Several voices in the slow-chat (including @robfmac) have called for the development and promotion of teacher ‘agency’ and I would agree that this is a crucial part of helping improve the wellbeing of the profession. We need to have educational leaders at national and local levels who understand teaching, understand education staff and protect and nurture them, rather than subjecting them to unrealistic performance measures.
@lenabellina @GilchristGeorge Do perfectionists become teachers or do teachers become perfectionists? I’ve always wondered?
— Vivienne Porritt (@LCLL_Director) December 27, 2015
@LCLL-Director asked, on day 1 of the slow-chat whether perfectionists become teachers or teachers become perfectionists? I stated that I felt that there is an interesting piece of research to be done here.
But whichever way round it is, teaching and perfectionism can never be a good combination within the current climate. It is a climate where, in Scotland, we are told that we can do our job in 35 hours a week when we simply CAN’T. The non-contact time we get is so frequently taken to allow other absent staff to be covered that it is almost not worth having. Hence a system where we are set up to struggle and fail before we even start. It is a climate where electronic management systems that were meant to reduce teacher workload are so unwieldy and user unfriendly that they cause excessive stress and add to workload. And it is a culture where a politician visited England to learn about ‘closing the gap’, was told there were no clear conclusions to be drawn from the approach adopted South of the border but then decided to impose it on Scotland anyway. (For more on that, ask @realdcameron)
If I cleaned toilets, I would have a specific number of toilets to clean and set working hours in which to do it. I might go home and worry about the standard of my cleaning but it is unlikely that I would be able to go back into my place of work out of hours…. Or be made to feel guilty for not doing so. Equally, I do not believe that there is a technical solution whereby toilet cleaners can clean toilets from home. Whereas, thanks to IT, teachers now have little excuse not to ‘catch’ up on admin, marking, report writing outside of the contracted 35 hours.
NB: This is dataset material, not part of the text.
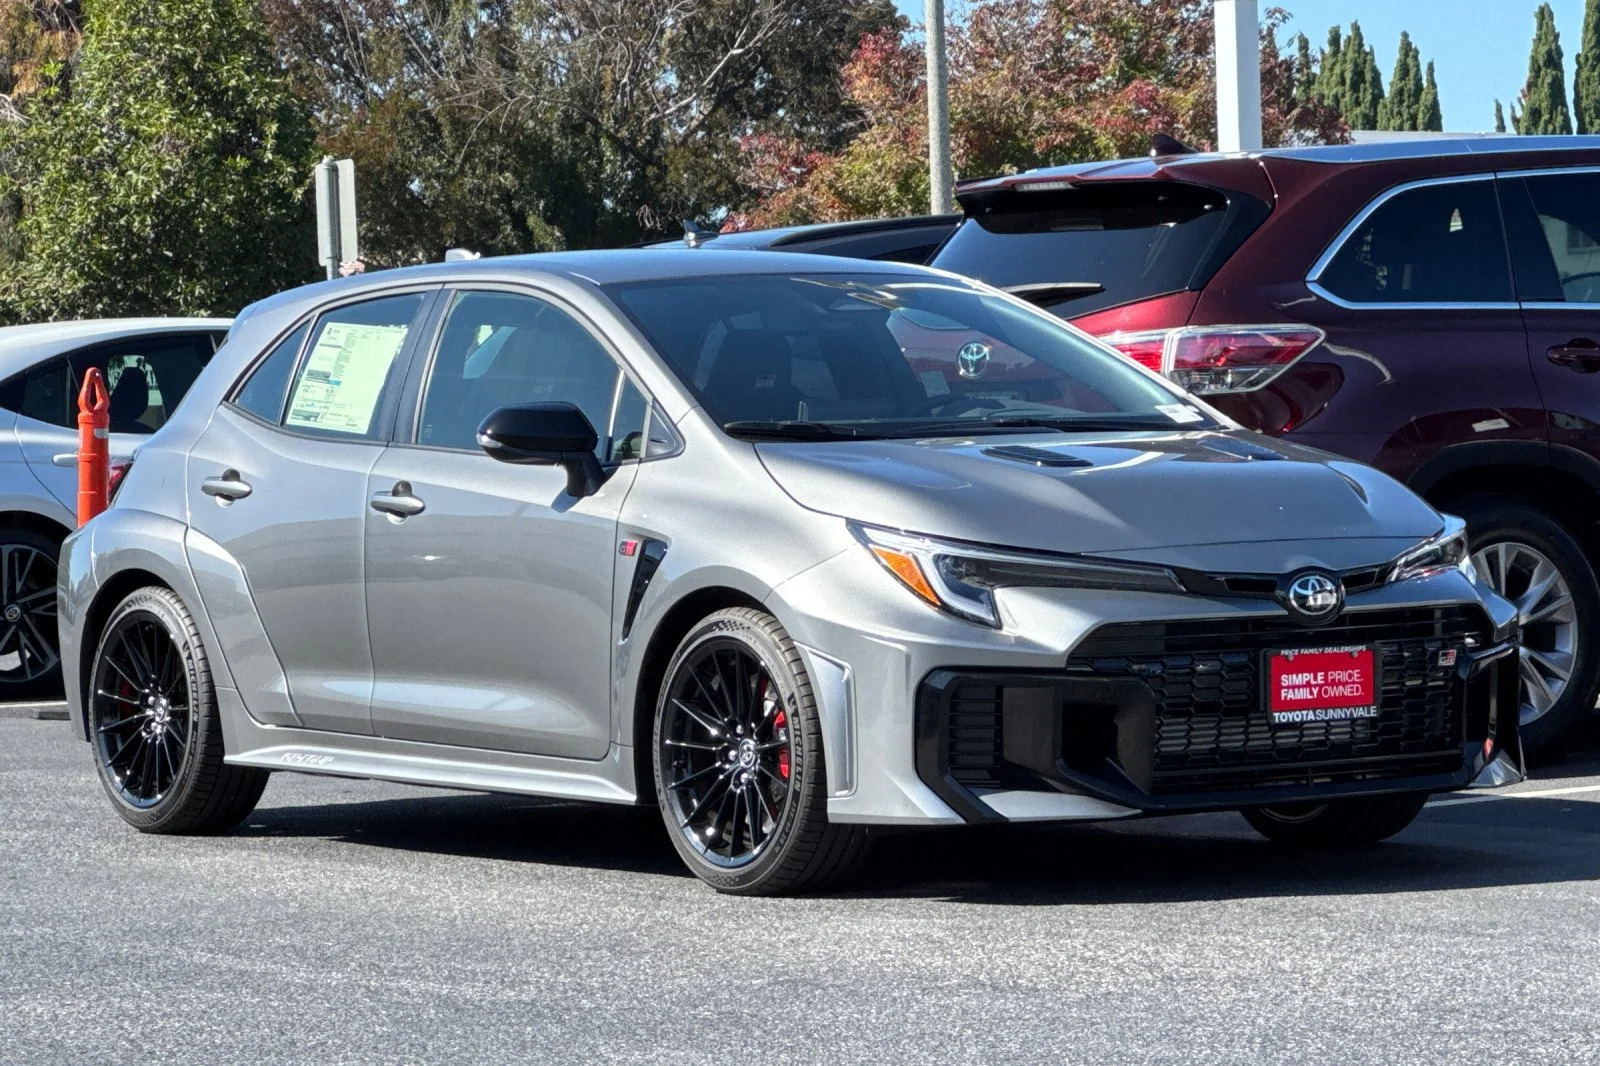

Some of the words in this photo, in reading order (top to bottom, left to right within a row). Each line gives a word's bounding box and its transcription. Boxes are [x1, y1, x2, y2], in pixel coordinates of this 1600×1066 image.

So, this new year I make 3 vows.
1. To myself. It is time I sorted this out once and for all. I love the Facebook ‘memories’ function where you can see where you were and what you were doing on this day in previous years. But I am concerned that I have been saying the same things about needing to slow down and look after better myself for 10 years. Now is the time. My family needs more of me and I need to accept that excuses won’t do any more. Only I can do this but but I am hoping for a bit of help from @Doctob’s book ‘Inner Story’ which fortuitously came into my possession recently….
2. To education. I am doing the Scottish ‘Into Headship’ course this year and intend to learn all I can about how to be a Wellbeing-motivated educational leader.
3. To Twitter. I will use this forum to engage in the debate about wellbeing and teacher ‘agency’ and to support and nurture like-minded souls. I will not beat myself up if I don’t manage to tweet or blog as often as other brilliant twitterati friends…..(as I have in the past) but I will use Twitter for all its potential….
So, Happy New Year. Let’s make it so.